Wireshark for Kerberos debugging

Wireshark is a convenient tool for understanding the network traffic going from your client macine to your Active Directory server. The traffic should occur when a Kerberos ticket is requested by your browser when you open it against Kantega SSO in one of the Atlassian products. If you cannot see any traffic, please check Browser configuration to set up your browsers to send Kerberos tickets when requested.

Wireshark should be installed on the client machine where you have logged in as a domain user.

Before starting, download and install Wireshark on the client desktop.


You should initially be present with a screen that looks something like this. Click the indicated button to start a new capture (if you have an existing result Wireshark will ask if you wish to save this first).

In the dialog that pops up, select the network interface(s) you want to capture traffic on. In this case "wlp61s0". You could also just use "any". The sparkline in the "Traffic" column indicates that something's happening on the interface (in other words, interfaces with flat sparklines likely aren't that interesting and can be ignored).

Disable promiscuous mode and enter "port 88" as the capture filter, to limit the number of packages that get captured. Then click Start.

You should now be presented with an initially empty list of packets. This list updates live as traffic happens.
Now try logging into JIRA/Confluence etc. using Kerberos, and the list should start to fill up. A successful Kerberos interaction/login will look something like the screenshot. In the customer case, it's more likely there will be some error message. Hopefully, the capture can tell us why.

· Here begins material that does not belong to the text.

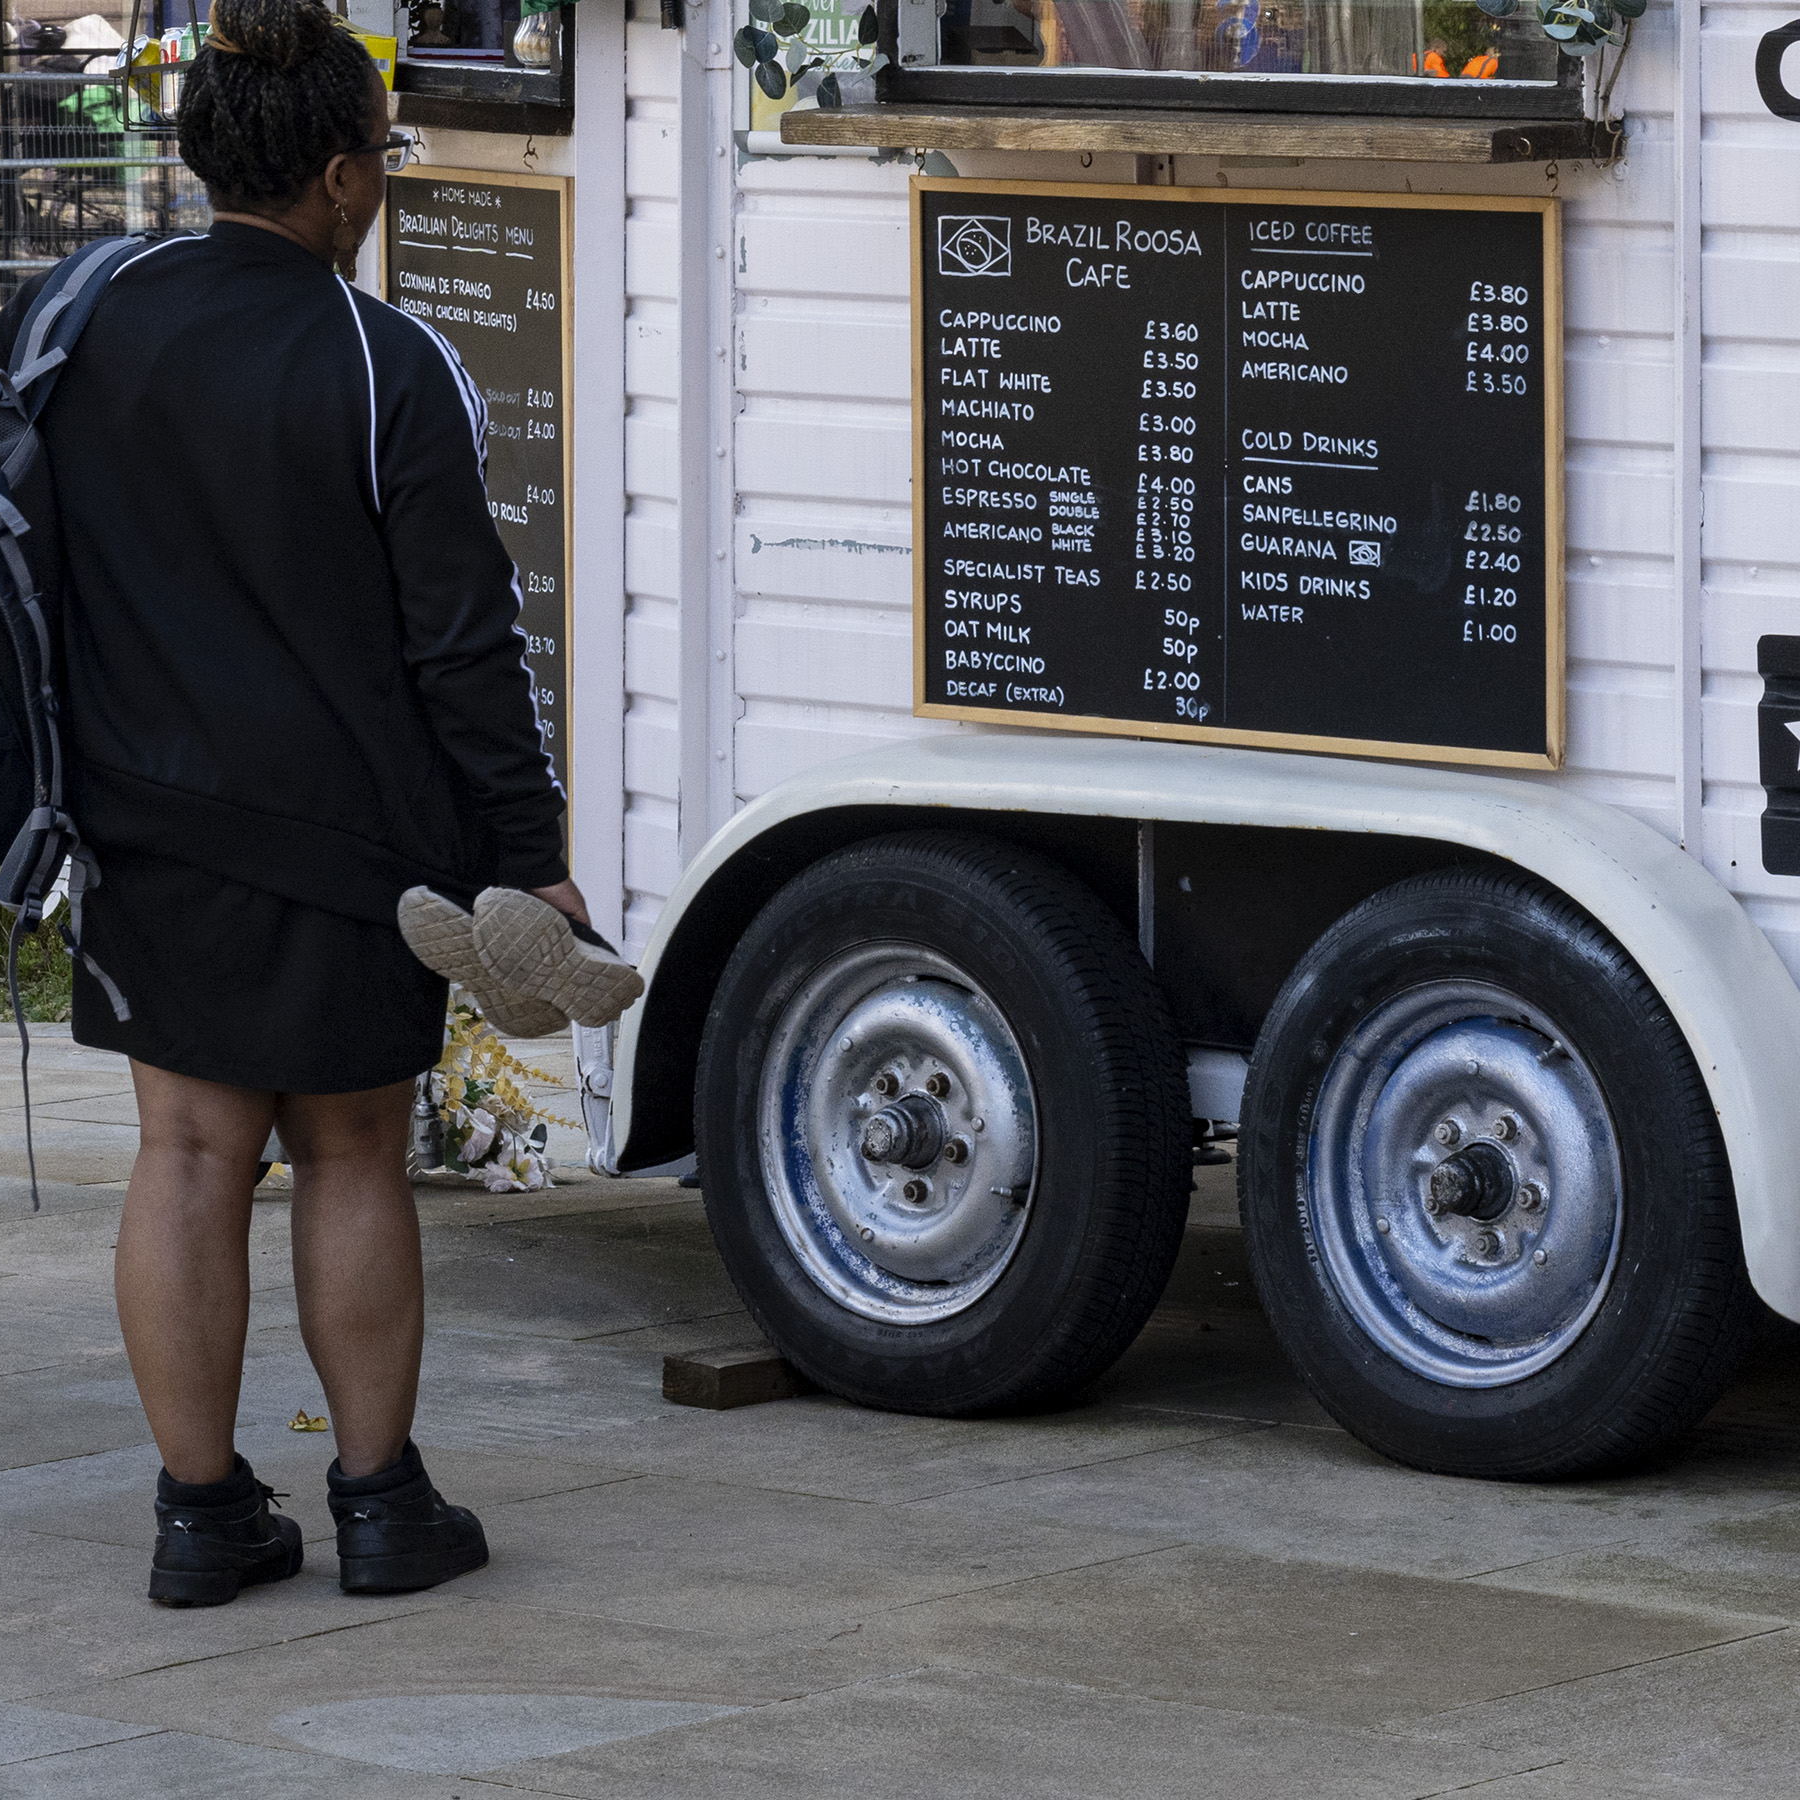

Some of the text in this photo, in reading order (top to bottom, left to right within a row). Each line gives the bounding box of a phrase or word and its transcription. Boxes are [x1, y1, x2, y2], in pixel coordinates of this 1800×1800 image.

Stop the capture once you've gone through a full login (assuming it isn't empty). Then do File/Save to have the capture for later reference if it's needed.

After stopping the capture, you can optionally enter "kerberos" in the display filter box to hide TCP "noise" and only display the decoded Kerberos packets. Assuming this information is available, this is what we need to look at. The bottom pane contains decoded information (in this case a successful TGS-REP). You'll likely not want to send us the capture file itself (to have control over the information you're sharing with us), so instead, take some screenshots of the overview + expanded data nodes, like so.  

Note: If during testing you see NO Kerberos traffic what so ever, try doing "klist purge" from a console window first. When Kerberos tickets already exist in the cache, there will be no port 88 traffic. Don't do this during the failure capture itself, however, as this may be clearing the cause of the problem.